Every record must be copied exactly. Leave nothing out.

------------

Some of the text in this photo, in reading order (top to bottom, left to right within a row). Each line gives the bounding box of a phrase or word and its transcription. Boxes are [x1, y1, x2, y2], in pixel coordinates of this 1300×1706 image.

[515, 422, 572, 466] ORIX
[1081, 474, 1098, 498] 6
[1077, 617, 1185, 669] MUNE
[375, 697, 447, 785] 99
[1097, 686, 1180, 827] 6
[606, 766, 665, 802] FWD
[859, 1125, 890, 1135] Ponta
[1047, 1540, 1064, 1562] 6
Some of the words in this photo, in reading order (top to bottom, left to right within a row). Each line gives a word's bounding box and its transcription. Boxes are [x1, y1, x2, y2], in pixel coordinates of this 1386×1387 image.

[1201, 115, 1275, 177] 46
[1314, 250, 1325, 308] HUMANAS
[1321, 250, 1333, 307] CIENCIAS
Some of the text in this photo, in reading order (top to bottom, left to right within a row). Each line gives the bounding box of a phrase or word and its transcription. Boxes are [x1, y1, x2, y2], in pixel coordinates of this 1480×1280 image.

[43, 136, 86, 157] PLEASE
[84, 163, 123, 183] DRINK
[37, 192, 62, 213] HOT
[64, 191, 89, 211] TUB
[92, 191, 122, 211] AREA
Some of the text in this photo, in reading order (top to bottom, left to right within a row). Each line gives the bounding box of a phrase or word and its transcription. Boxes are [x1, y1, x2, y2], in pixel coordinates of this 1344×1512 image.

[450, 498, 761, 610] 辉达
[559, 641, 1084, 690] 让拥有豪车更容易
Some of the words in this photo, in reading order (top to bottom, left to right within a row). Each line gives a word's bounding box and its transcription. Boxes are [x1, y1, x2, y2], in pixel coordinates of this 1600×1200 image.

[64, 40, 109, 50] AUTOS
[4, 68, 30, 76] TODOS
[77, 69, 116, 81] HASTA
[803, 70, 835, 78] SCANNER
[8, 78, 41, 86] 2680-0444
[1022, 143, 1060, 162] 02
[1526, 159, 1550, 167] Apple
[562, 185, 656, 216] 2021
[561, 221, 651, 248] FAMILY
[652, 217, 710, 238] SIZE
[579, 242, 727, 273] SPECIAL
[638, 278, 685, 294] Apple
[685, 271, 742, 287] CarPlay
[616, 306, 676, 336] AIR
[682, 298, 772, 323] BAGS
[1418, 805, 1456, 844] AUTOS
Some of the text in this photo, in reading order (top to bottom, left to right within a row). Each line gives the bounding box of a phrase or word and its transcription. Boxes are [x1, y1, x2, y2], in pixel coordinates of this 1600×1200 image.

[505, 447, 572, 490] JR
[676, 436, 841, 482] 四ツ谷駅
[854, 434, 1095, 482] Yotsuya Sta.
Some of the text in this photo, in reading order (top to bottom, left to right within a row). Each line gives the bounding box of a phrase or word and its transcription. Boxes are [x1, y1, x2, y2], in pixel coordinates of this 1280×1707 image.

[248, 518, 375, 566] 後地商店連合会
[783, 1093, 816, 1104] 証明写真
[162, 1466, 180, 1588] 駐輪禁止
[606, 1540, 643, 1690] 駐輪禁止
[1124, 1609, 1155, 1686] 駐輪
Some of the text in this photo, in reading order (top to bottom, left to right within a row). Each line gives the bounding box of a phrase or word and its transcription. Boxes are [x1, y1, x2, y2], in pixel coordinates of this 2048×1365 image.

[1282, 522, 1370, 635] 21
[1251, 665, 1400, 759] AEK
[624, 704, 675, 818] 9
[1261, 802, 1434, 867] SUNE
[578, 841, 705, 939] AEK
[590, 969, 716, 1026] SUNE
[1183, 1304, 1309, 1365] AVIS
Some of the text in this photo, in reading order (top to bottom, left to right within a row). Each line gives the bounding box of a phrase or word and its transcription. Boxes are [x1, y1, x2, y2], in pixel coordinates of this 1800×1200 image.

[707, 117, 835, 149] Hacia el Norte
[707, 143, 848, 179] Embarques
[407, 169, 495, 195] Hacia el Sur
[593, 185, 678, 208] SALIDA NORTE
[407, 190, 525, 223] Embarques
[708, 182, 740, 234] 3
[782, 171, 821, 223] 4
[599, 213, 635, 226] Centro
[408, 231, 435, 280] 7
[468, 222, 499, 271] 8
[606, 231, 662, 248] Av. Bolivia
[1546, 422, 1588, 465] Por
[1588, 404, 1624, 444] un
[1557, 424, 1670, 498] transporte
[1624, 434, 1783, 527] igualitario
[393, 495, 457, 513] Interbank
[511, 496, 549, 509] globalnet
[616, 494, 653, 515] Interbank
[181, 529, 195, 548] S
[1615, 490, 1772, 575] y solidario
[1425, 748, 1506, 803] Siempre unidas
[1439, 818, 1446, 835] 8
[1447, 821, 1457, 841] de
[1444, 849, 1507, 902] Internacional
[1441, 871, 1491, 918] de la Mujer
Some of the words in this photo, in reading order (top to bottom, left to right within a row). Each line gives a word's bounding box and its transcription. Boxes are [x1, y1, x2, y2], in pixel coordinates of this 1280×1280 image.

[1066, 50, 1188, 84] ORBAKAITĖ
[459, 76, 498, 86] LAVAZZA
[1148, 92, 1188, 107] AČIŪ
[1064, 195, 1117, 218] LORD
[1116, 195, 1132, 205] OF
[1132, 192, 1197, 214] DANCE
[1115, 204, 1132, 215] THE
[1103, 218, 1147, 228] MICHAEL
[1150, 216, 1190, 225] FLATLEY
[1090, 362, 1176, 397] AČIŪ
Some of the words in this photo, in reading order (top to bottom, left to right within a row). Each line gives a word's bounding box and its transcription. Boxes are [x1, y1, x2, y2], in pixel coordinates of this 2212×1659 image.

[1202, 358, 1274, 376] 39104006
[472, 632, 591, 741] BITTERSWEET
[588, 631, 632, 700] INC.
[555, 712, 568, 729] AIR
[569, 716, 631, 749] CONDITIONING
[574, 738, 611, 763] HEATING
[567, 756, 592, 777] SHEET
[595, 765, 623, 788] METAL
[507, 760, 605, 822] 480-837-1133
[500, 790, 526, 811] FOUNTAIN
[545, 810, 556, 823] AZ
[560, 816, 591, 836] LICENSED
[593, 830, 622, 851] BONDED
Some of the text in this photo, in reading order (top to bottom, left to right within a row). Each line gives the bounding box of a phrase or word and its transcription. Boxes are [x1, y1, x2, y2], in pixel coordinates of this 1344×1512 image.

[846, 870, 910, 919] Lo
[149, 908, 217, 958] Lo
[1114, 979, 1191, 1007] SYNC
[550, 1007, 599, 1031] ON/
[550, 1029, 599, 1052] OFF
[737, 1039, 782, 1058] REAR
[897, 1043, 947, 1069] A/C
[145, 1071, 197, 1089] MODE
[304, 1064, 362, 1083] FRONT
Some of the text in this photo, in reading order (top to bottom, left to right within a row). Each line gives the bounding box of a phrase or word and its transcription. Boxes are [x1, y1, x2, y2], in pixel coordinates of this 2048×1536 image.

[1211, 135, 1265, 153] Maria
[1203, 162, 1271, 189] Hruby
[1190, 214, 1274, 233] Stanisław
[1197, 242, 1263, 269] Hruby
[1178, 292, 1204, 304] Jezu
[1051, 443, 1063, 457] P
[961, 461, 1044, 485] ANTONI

------------

## TASK OUTPUT
Some of the text in this photo, in reading order (top to bottom, left to right within a row). Each line gives the bounding box of a phrase or word and its transcription. Boxes are [x1, y1, x2, y2], in pixel coordinates of this 1300×1706 image.

[515, 422, 572, 466] ORIX
[1081, 474, 1098, 498] 6
[1077, 617, 1185, 669] MUNE
[375, 697, 447, 785] 99
[1097, 686, 1180, 827] 6
[606, 766, 665, 802] FWD
[859, 1125, 890, 1135] Ponta
[1047, 1540, 1064, 1562] 6
Some of the words in this photo, in reading order (top to bottom, left to right within a row). Each line gives a word's bounding box and its transcription. Boxes are [x1, y1, x2, y2], in pixel coordinates of this 1386×1387 image.

[1201, 115, 1275, 177] 46
[1314, 250, 1325, 308] HUMANAS
[1321, 250, 1333, 307] CIENCIAS
Some of the text in this photo, in reading order (top to bottom, left to right within a row). Each line gives the bounding box of a phrase or word and its transcription. Boxes are [x1, y1, x2, y2], in pixel coordinates of this 1480×1280 image.

[43, 136, 86, 157] PLEASE
[84, 163, 123, 183] DRINK
[37, 192, 62, 213] HOT
[64, 191, 89, 211] TUB
[92, 191, 122, 211] AREA
Some of the text in this photo, in reading order (top to bottom, left to right within a row). Each line gives the bounding box of a phrase or word and its transcription. Boxes are [x1, y1, x2, y2], in pixel coordinates of this 1344×1512 image.

[450, 498, 761, 610] 辉达
[559, 641, 1084, 690] 让拥有豪车更容易
Some of the words in this photo, in reading order (top to bottom, left to right within a row). Each line gives a word's bounding box and its transcription. Boxes are [x1, y1, x2, y2], in pixel coordinates of this 1600×1200 image.

[64, 40, 109, 50] AUTOS
[4, 68, 30, 76] TODOS
[77, 69, 116, 81] HASTA
[803, 70, 835, 78] SCANNER
[8, 78, 41, 86] 2680-0444
[1022, 143, 1060, 162] 02
[1526, 159, 1550, 167] Apple
[562, 185, 656, 216] 2021
[561, 221, 651, 248] FAMILY
[652, 217, 710, 238] SIZE
[579, 242, 727, 273] SPECIAL
[638, 278, 685, 294] Apple
[685, 271, 742, 287] CarPlay
[616, 306, 676, 336] AIR
[682, 298, 772, 323] BAGS
[1418, 805, 1456, 844] AUTOS
Some of the text in this photo, in reading order (top to bottom, left to right within a row). Each line gives the bounding box of a phrase or word and its transcription. Boxes are [x1, y1, x2, y2], in pixel coordinates of this 1600×1200 image.

[505, 447, 572, 490] JR
[676, 436, 841, 482] 四ツ谷駅
[854, 434, 1095, 482] Yotsuya Sta.
Some of the text in this photo, in reading order (top to bottom, left to right within a row). Each line gives the bounding box of a phrase or word and its transcription. Boxes are [x1, y1, x2, y2], in pixel coordinates of this 1280×1707 image.

[248, 518, 375, 566] 後地商店連合会
[783, 1093, 816, 1104] 証明写真
[162, 1466, 180, 1588] 駐輪禁止
[606, 1540, 643, 1690] 駐輪禁止
[1124, 1609, 1155, 1686] 駐輪
Some of the text in this photo, in reading order (top to bottom, left to right within a row). Each line gives the bounding box of a phrase or word and its transcription. Boxes are [x1, y1, x2, y2], in pixel coordinates of this 2048×1365 image.

[1282, 522, 1370, 635] 21
[1251, 665, 1400, 759] AEK
[624, 704, 675, 818] 9
[1261, 802, 1434, 867] SUNE
[578, 841, 705, 939] AEK
[590, 969, 716, 1026] SUNE
[1183, 1304, 1309, 1365] AVIS
Some of the text in this photo, in reading order (top to bottom, left to right within a row). Each line gives the bounding box of a phrase or word and its transcription. Boxes are [x1, y1, x2, y2], in pixel coordinates of this 1800×1200 image.

[707, 117, 835, 149] Hacia el Norte
[707, 143, 848, 179] Embarques
[407, 169, 495, 195] Hacia el Sur
[593, 185, 678, 208] SALIDA NORTE
[407, 190, 525, 223] Embarques
[708, 182, 740, 234] 3
[782, 171, 821, 223] 4
[599, 213, 635, 226] Centro
[408, 231, 435, 280] 7
[468, 222, 499, 271] 8
[606, 231, 662, 248] Av. Bolivia
[1546, 422, 1588, 465] Por
[1588, 404, 1624, 444] un
[1557, 424, 1670, 498] transporte
[1624, 434, 1783, 527] igualitario
[393, 495, 457, 513] Interbank
[511, 496, 549, 509] globalnet
[616, 494, 653, 515] Interbank
[181, 529, 195, 548] S
[1615, 490, 1772, 575] y solidario
[1425, 748, 1506, 803] Siempre unidas
[1439, 818, 1446, 835] 8
[1447, 821, 1457, 841] de
[1444, 849, 1507, 902] Internacional
[1441, 871, 1491, 918] de la Mujer
Some of the words in this photo, in reading order (top to bottom, left to right within a row). Each line gives a word's bounding box and its transcription. Boxes are [x1, y1, x2, y2], in pixel coordinates of this 1280×1280 image.

[1066, 50, 1188, 84] ORBAKAITĖ
[459, 76, 498, 86] LAVAZZA
[1148, 92, 1188, 107] AČIŪ
[1064, 195, 1117, 218] LORD
[1116, 195, 1132, 205] OF
[1132, 192, 1197, 214] DANCE
[1115, 204, 1132, 215] THE
[1103, 218, 1147, 228] MICHAEL
[1150, 216, 1190, 225] FLATLEY
[1090, 362, 1176, 397] AČIŪ
Some of the words in this photo, in reading order (top to bottom, left to right within a row). Each line gives a word's bounding box and its transcription. Boxes are [x1, y1, x2, y2], in pixel coordinates of this 2212×1659 image.

[1202, 358, 1274, 376] 39104006
[472, 632, 591, 741] BITTERSWEET
[588, 631, 632, 700] INC.
[555, 712, 568, 729] AIR
[569, 716, 631, 749] CONDITIONING
[574, 738, 611, 763] HEATING
[567, 756, 592, 777] SHEET
[595, 765, 623, 788] METAL
[507, 760, 605, 822] 480-837-1133
[500, 790, 526, 811] FOUNTAIN
[545, 810, 556, 823] AZ
[560, 816, 591, 836] LICENSED
[593, 830, 622, 851] BONDED
Some of the text in this photo, in reading order (top to bottom, left to right within a row). Each line gives the bounding box of a phrase or word and its transcription. Boxes are [x1, y1, x2, y2], in pixel coordinates of this 1344×1512 image.

[846, 870, 910, 919] Lo
[149, 908, 217, 958] Lo
[1114, 979, 1191, 1007] SYNC
[550, 1007, 599, 1031] ON/
[550, 1029, 599, 1052] OFF
[737, 1039, 782, 1058] REAR
[897, 1043, 947, 1069] A/C
[145, 1071, 197, 1089] MODE
[304, 1064, 362, 1083] FRONT
Some of the text in this photo, in reading order (top to bottom, left to right within a row). Each line gives the bounding box of a phrase or word and its transcription. Boxes are [x1, y1, x2, y2], in pixel coordinates of this 2048×1536 image.

[1211, 135, 1265, 153] Maria
[1203, 162, 1271, 189] Hruby
[1190, 214, 1274, 233] Stanisław
[1197, 242, 1263, 269] Hruby
[1178, 292, 1204, 304] Jezu
[1051, 443, 1063, 457] P
[961, 461, 1044, 485] ANTONI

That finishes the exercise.